We wrote about CrowdFlower
shortly after their public launch at TC50 in September. The company lets anyone submit repetitive tasks with simple instructions, stick a price on them (CrowdFlower suggests pricing based on time requirement per task—and it’s cheap) and a labor force from around the world stands at the ready for work. Crowdflower ensures quality control by assigning some tasks to several workers, and cross-checking the results. Workers gain credibility over time for consistency.
CEO Lukas Biewald is one of those big-idea types. “We are creating a new global market that will make it possible for everyone in the world to do real, productive work at anytime, from anywhere,” he said. The company has attracted an impressive array of top-tier investors. In addition to David Cowan who led the round for Bessemer (an AlwaysOn VC 100
and Trinity, existing investors from the $1.2 million angel round include Aydin Senkut, Dave McClure, Freestyle Capital, K9 Ventures, and Quest Venture Partners.

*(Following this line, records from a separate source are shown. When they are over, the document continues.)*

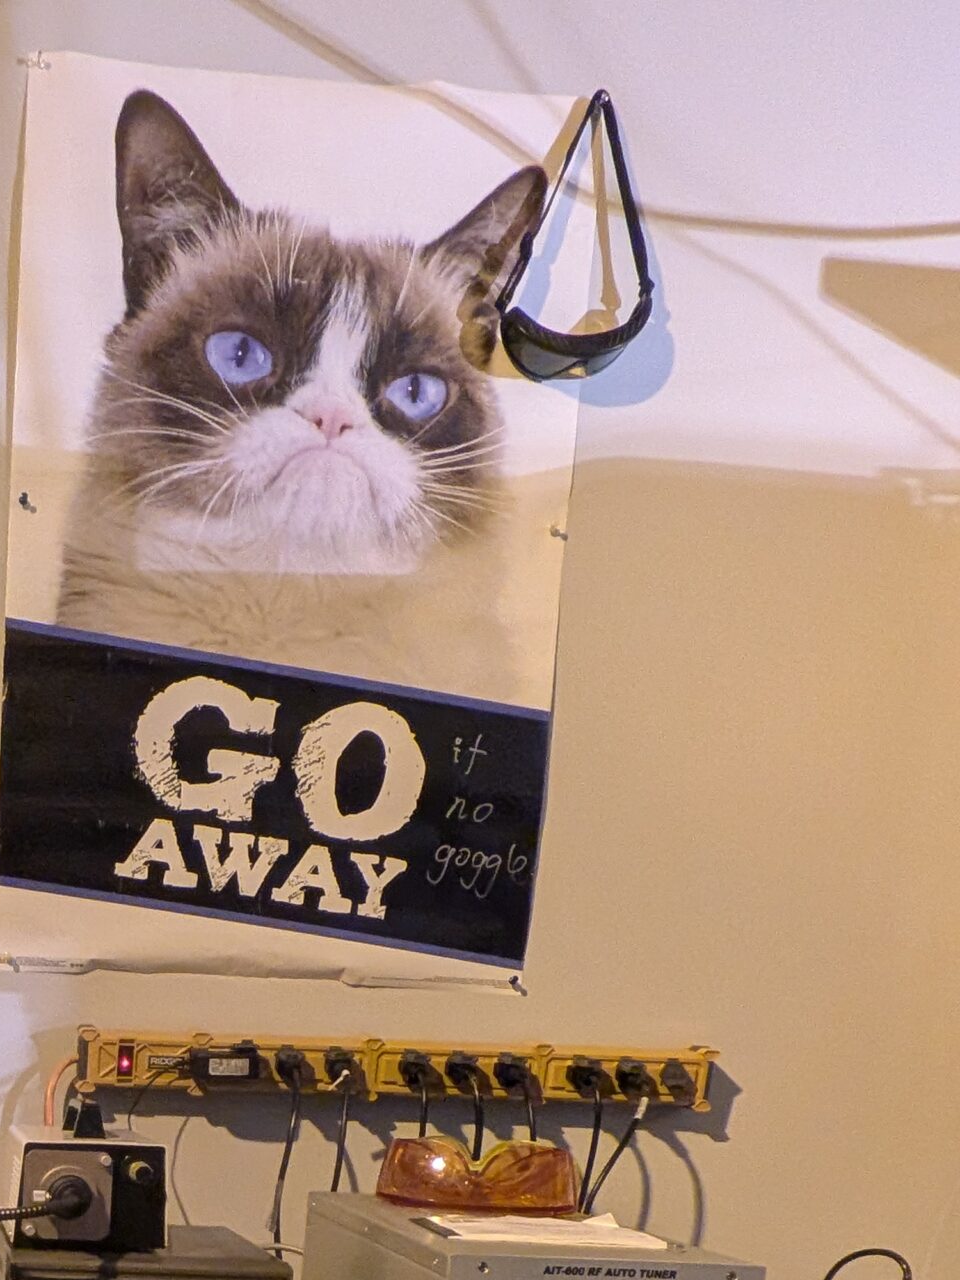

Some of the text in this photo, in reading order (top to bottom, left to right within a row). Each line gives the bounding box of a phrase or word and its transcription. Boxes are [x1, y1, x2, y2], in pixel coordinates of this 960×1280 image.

[133, 675, 426, 842] GO
[445, 796, 494, 823] no
[114, 818, 407, 920] AWAY
[587, 1267, 602, 1276] RF
[605, 1268, 637, 1278] AUTO
[640, 1269, 677, 1279] TUNER

On-demand, crowdsourced labor is not new. Elance and ODesk provide marketplaces for outsourcing work to qualified professionals. What differentiates Crowdflower is the simplicity of the work—it’s designed for mundane, repetitive tasks like judging whether images are pornographic or copyrighted and verifying business contact information against public listings. Good for monitoring user-generated content and checking old business cards. Crowdflower is based on the premise that such jobs shouldn’t involve an involved screening and hiring process.
The types of tasks are manifold, CEO Biewald said in an email interview. “We're trying to build a flexible system that allows for tasks we never thought of […] We worked with an online retailer that wanted to improve/evaluate their recommendation system. So we had users look at apparel and choose what other apparel someone that bought the first item would likely be interested in buying. It's a task that's easy for people but hard for computers.”
The company was founded in December of 2007 and has a slim 12 employees. It plans to grow throughout 2010.